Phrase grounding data
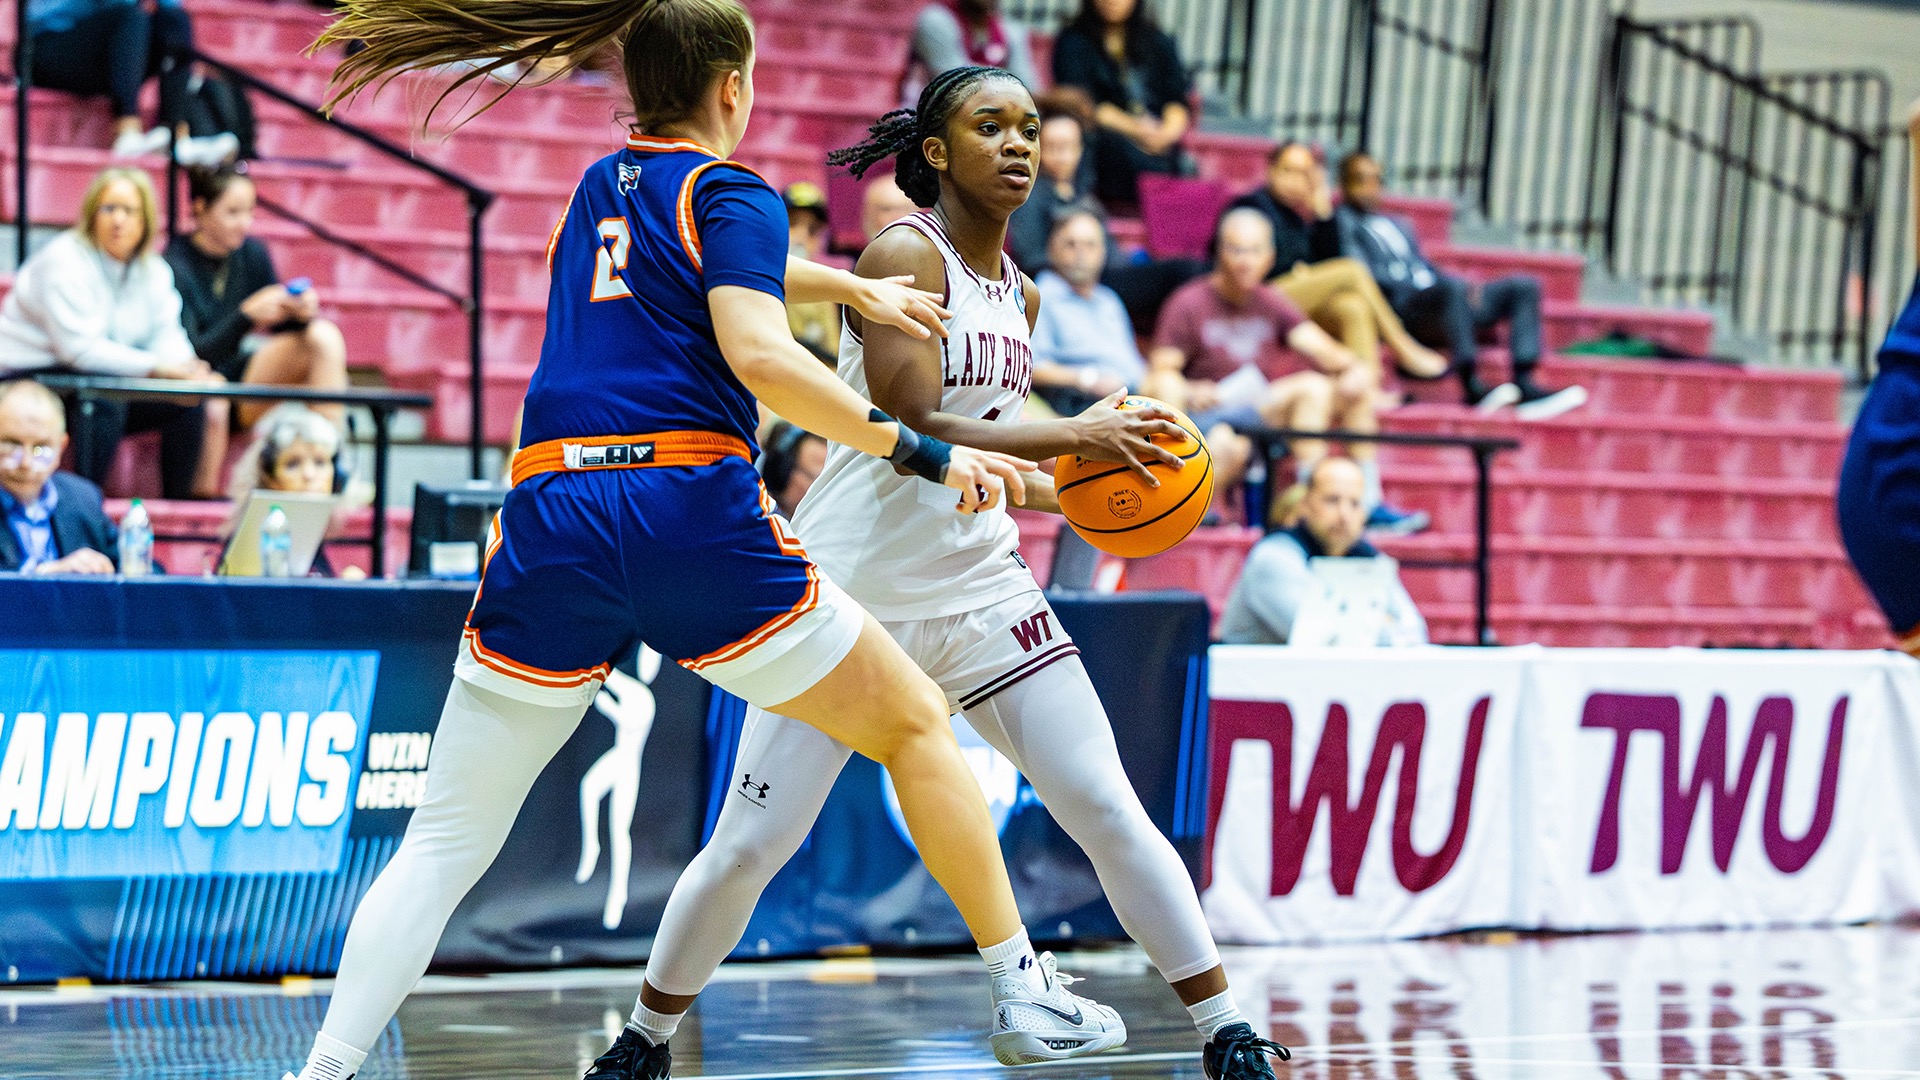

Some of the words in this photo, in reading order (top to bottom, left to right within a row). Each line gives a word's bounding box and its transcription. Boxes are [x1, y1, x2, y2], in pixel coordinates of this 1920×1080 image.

[589, 216, 635, 303] 2
[942, 331, 996, 387] LADY
[1010, 610, 1053, 653] WT
[0, 710, 357, 830] AMPIONS
[368, 731, 432, 770] WIN
[1580, 693, 1849, 875] TWU
[355, 770, 428, 810] HERE
[1202, 696, 1491, 896] TWU
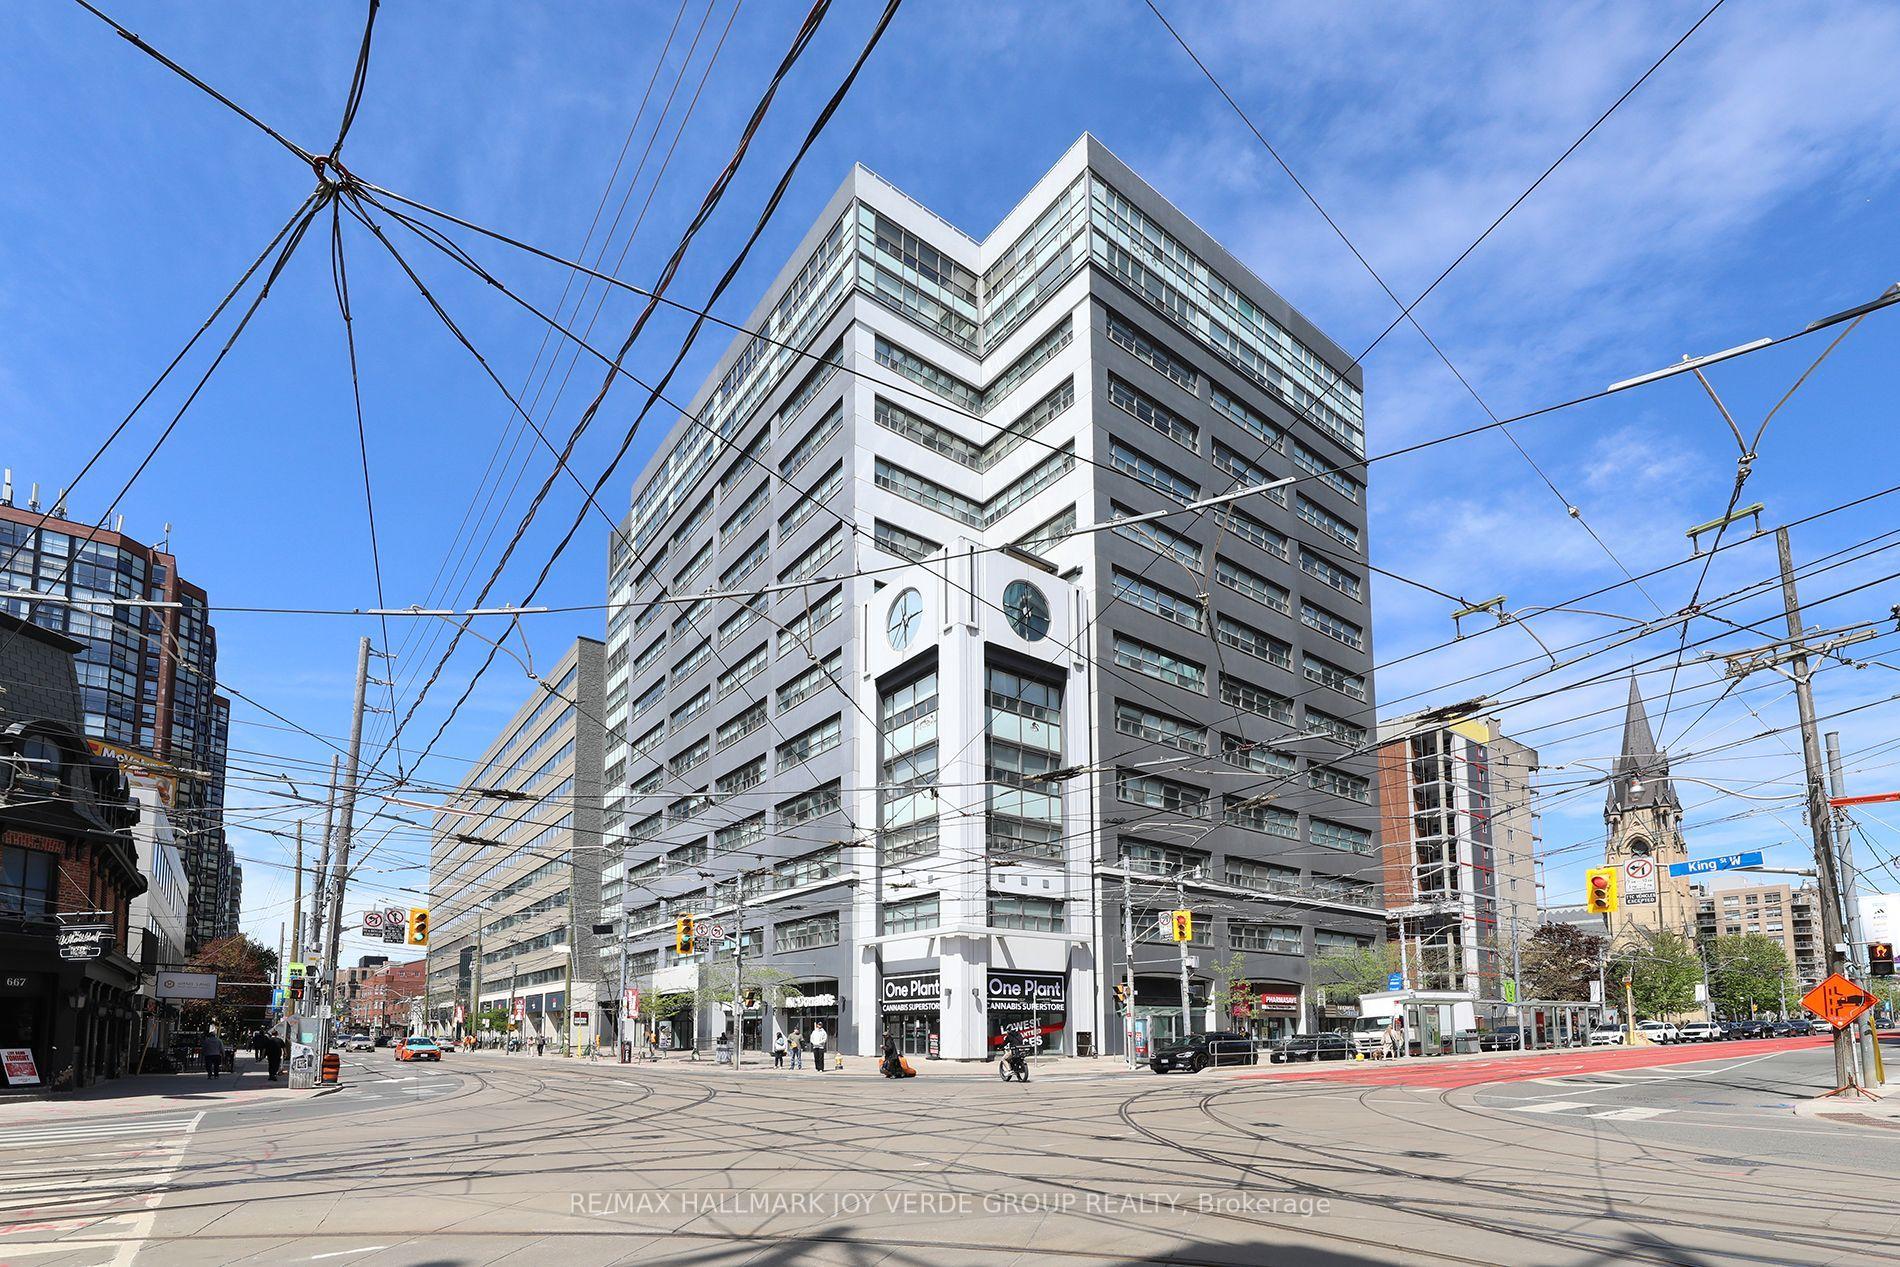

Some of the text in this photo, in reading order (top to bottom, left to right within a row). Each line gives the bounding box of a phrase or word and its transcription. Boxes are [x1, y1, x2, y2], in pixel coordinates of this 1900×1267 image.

[1688, 861, 1717, 872] King
[1729, 856, 1741, 866] W
[7, 978, 26, 986] 667
[886, 980, 940, 997] One Plant
[989, 978, 1060, 996] One Plant
[1023, 1003, 1064, 1011] SUPERSTORE
[1266, 996, 1297, 1004] PHARMASAVE
[1000, 1018, 1041, 1035] LOWEST
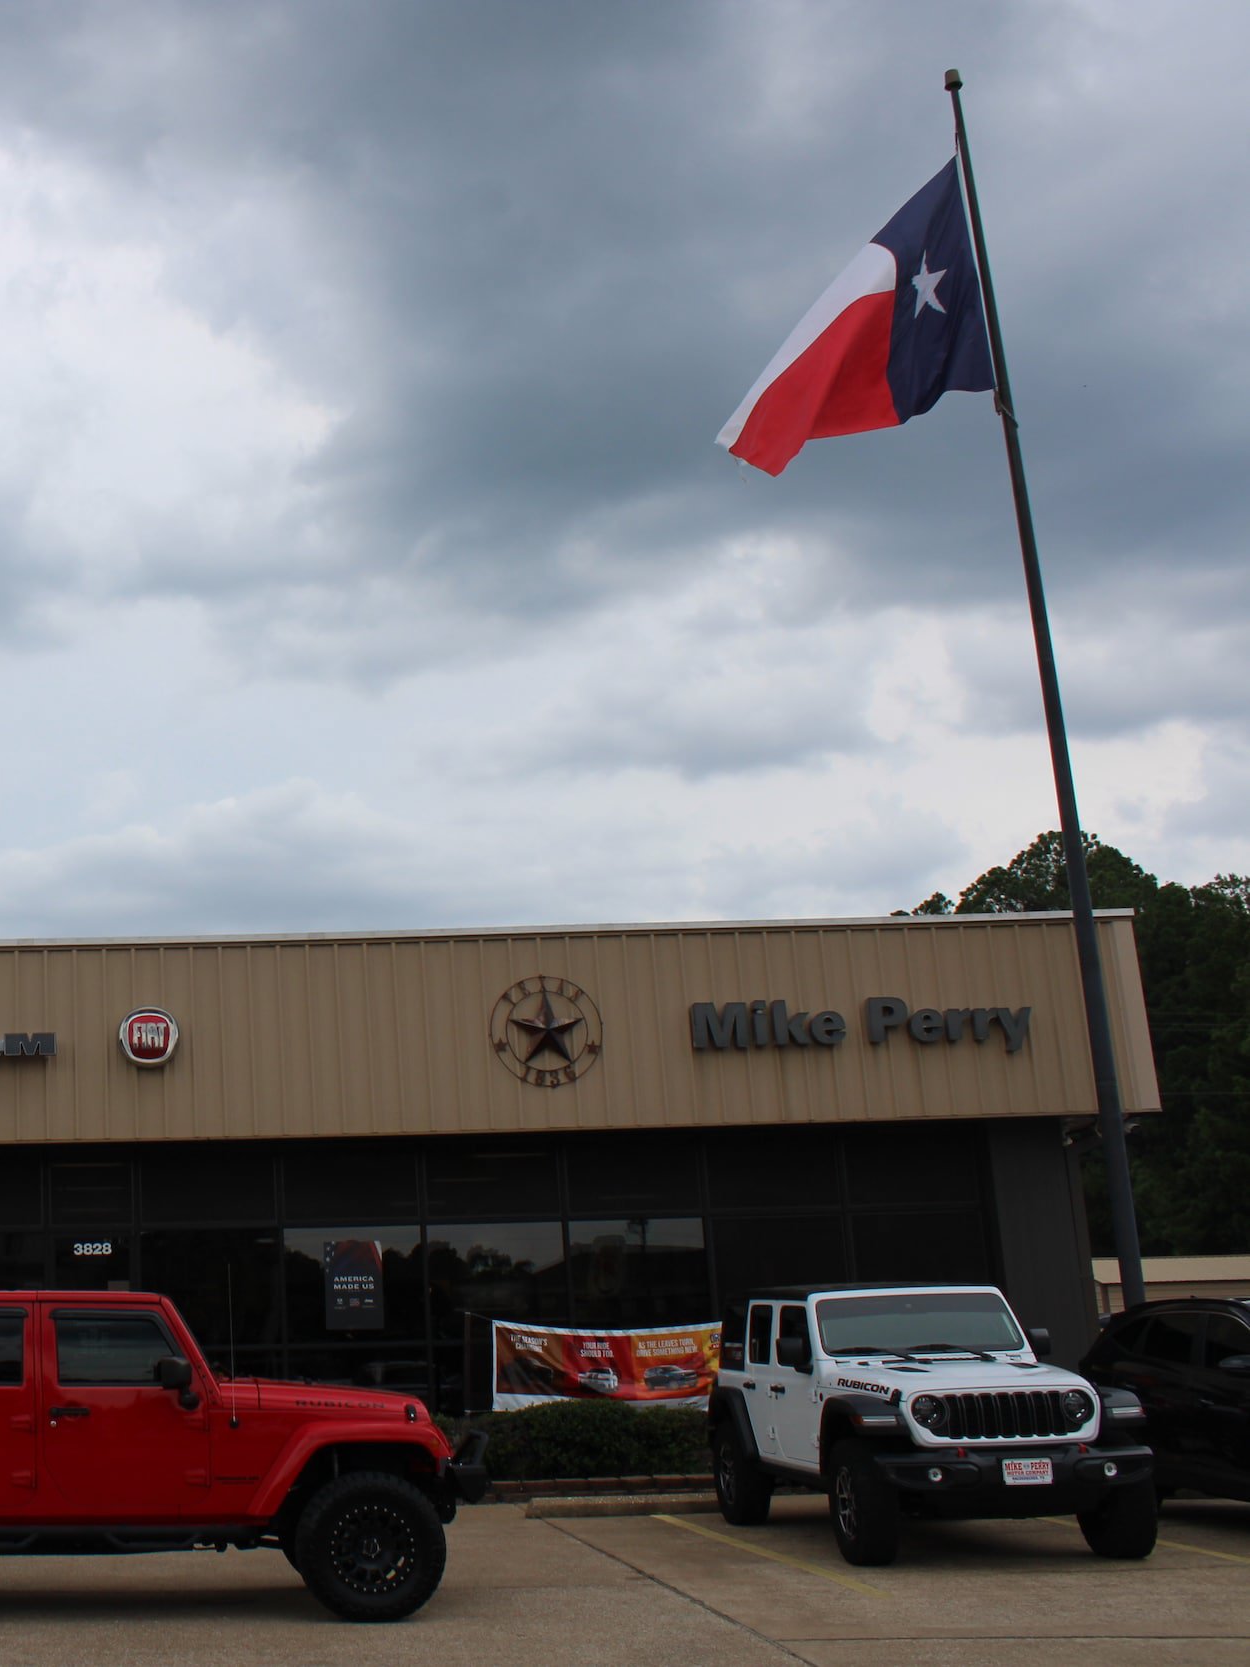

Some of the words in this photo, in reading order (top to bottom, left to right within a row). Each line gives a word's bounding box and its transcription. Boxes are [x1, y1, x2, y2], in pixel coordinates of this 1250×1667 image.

[689, 1000, 847, 1049] Mike
[866, 996, 1032, 1052] Perry
[132, 1021, 168, 1049] FIAT
[521, 1064, 577, 1089] 1836
[73, 1242, 113, 1256] 3828
[638, 1341, 647, 1349] AS
[658, 1339, 679, 1349] LEAVES
[837, 1377, 890, 1396] RUBICON
[295, 1400, 385, 1409] RUBICON
[1005, 1462, 1022, 1471] MIKE
[1030, 1462, 1049, 1470] PERRY

What the exercise asks:
Set every entry down again exactly as written, and omit the images.

Result:
Some of the words in this photo, in reading order (top to bottom, left to right within a row). Each line gives a word's bounding box and its transcription. Boxes are [x1, y1, x2, y2], in pixel coordinates of this 1920×1080 image.

[589, 216, 635, 303] 2
[942, 331, 996, 387] LADY
[1010, 610, 1053, 653] WT
[0, 710, 357, 830] AMPIONS
[368, 731, 432, 770] WIN
[1580, 693, 1849, 875] TWU
[355, 770, 428, 810] HERE
[1202, 696, 1491, 896] TWU

Some of the text in this photo, in reading order (top to bottom, left to right within a row). Each line gives the bounding box of a phrase or word and its transcription. Boxes are [x1, y1, x2, y2], in pixel coordinates of this 1900×1267 image.

[1688, 861, 1717, 872] King
[1729, 856, 1741, 866] W
[7, 978, 26, 986] 667
[886, 980, 940, 997] One Plant
[989, 978, 1060, 996] One Plant
[1023, 1003, 1064, 1011] SUPERSTORE
[1266, 996, 1297, 1004] PHARMASAVE
[1000, 1018, 1041, 1035] LOWEST

Some of the words in this photo, in reading order (top to bottom, left to right within a row). Each line gives a word's bounding box and its transcription. Boxes are [x1, y1, x2, y2], in pixel coordinates of this 1250×1667 image.

[689, 1000, 847, 1049] Mike
[866, 996, 1032, 1052] Perry
[132, 1021, 168, 1049] FIAT
[521, 1064, 577, 1089] 1836
[73, 1242, 113, 1256] 3828
[638, 1341, 647, 1349] AS
[658, 1339, 679, 1349] LEAVES
[837, 1377, 890, 1396] RUBICON
[295, 1400, 385, 1409] RUBICON
[1005, 1462, 1022, 1471] MIKE
[1030, 1462, 1049, 1470] PERRY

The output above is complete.